Ford Pulls the Plug on Its Chariot Shuttle Service After Just Two Years
A Chariot spokesperson claims it 'wasn't a sustainable business.'
Ford's Chariot shuttle service is no more. The San Francisco Examiner originally obtained an internal email confirming the service's demise, and Chariot subsequently confirmed the rumor in a blog post that it will cease all operations by the end of March.
"We apologize for the inconvenience this may cause Chariot's riders and our enterprise customers, Chariot CEO Dan Grossman said in a statement. "We are committed to ensuring our customers are aware of the decision and have time to make alternative transportation arrangements."
Chariot launched as an independent startup in San Francisco in 2014. It was bought by Ford in 2016 for $65 million, and gradually expanded service to other U.S. cities, as well as the U.K. Chariot became one of Ford's most prominent mobility-service experiments, as the company attempted to diversify beyond simply making and selling cars.
Chariot attempted to split the difference between buses and ride-hailing services like Uber and Lyft. Individual passengers could book a ride on one of Chariot's vans using an app, and people heading in vaguely the same direction would be grouped together. This offered some of the app-based convenience of Uber and Lyft, but the idea was to put as many people as possible in the same vehicle, in turn eliminating more vehicles from the road and reducing traffic congestion.

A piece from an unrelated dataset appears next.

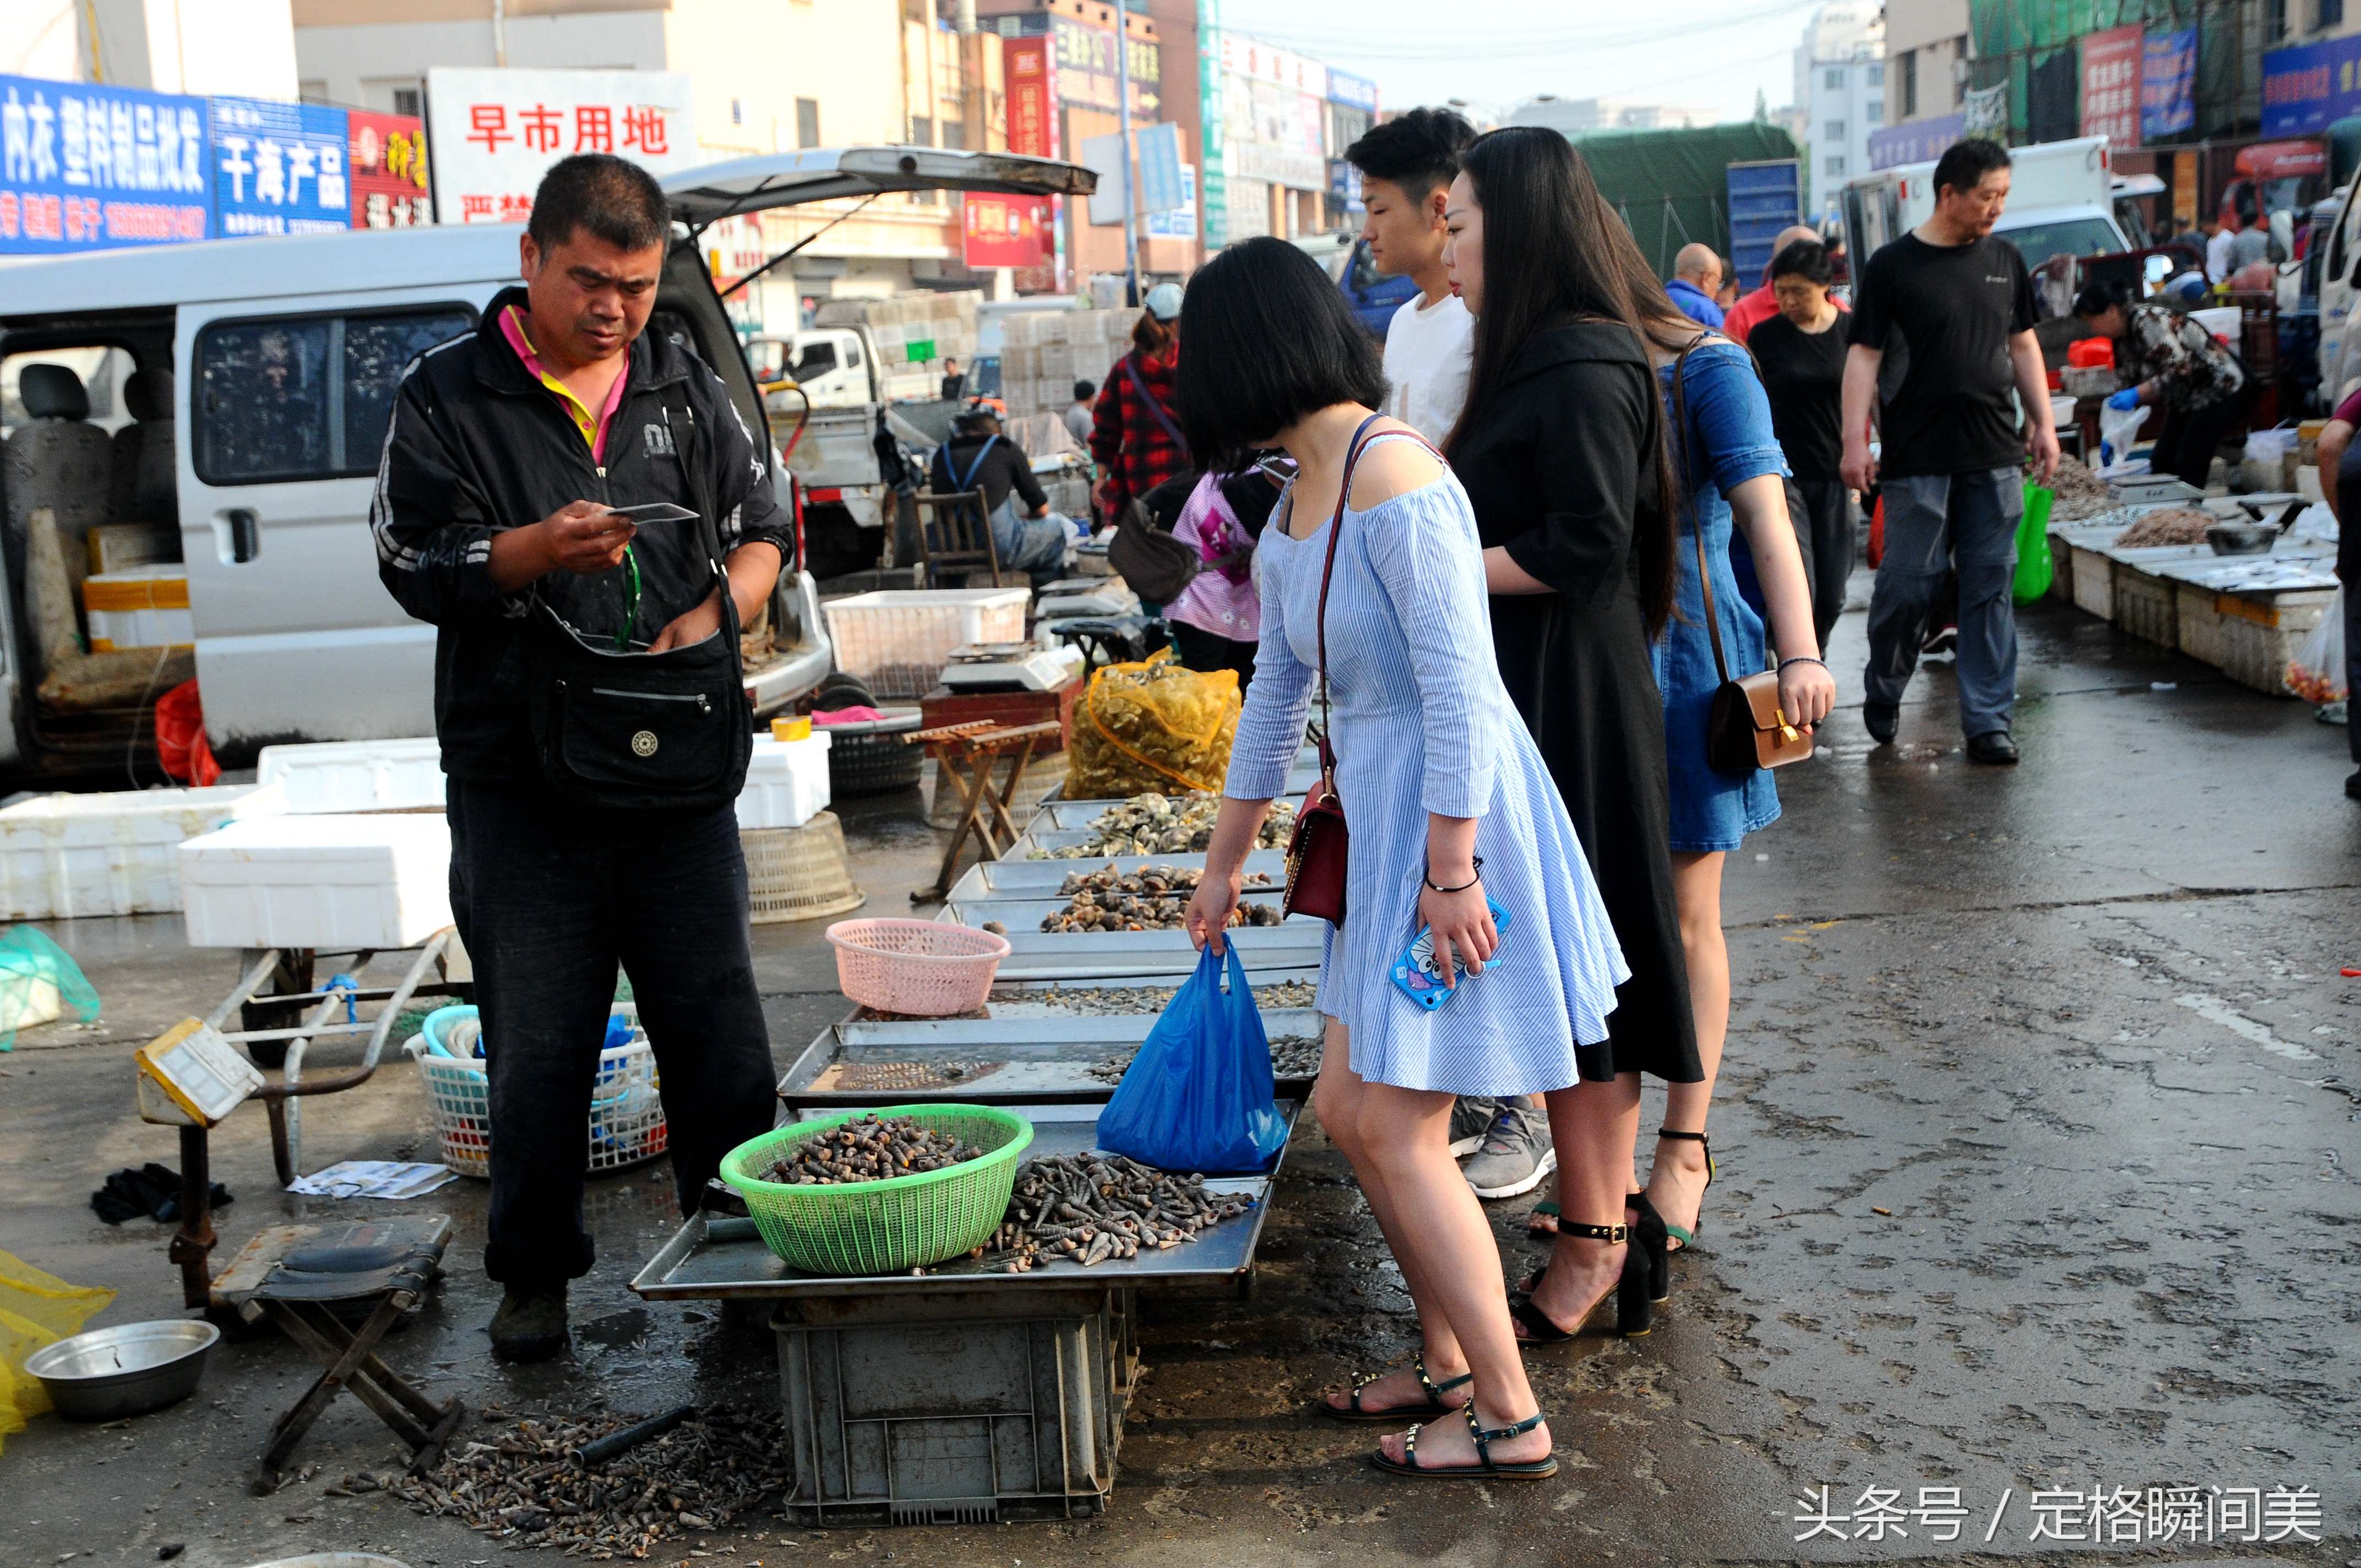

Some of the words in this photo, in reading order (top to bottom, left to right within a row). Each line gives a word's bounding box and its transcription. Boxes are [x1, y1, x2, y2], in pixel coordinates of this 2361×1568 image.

[466, 104, 670, 154] 早市用地
[221, 136, 347, 210] 干海产品

But Chariot apparently wasn't successful in luring riders away from Uber and Lyft. According to Streetsblog, Chariot's 25-van New York City fleet averaged just nine riders per vehicle per day on its best days, with the overall average closer to five riders per vehicle per day. It's not too surprising: Uber and Lyft allow passengers to have cars to themselves and don't require passengers to be flexible with pickup and drop-off locations. Chariot was likely the more efficient way to move people around a city, but it was also less convenient for individual commuters.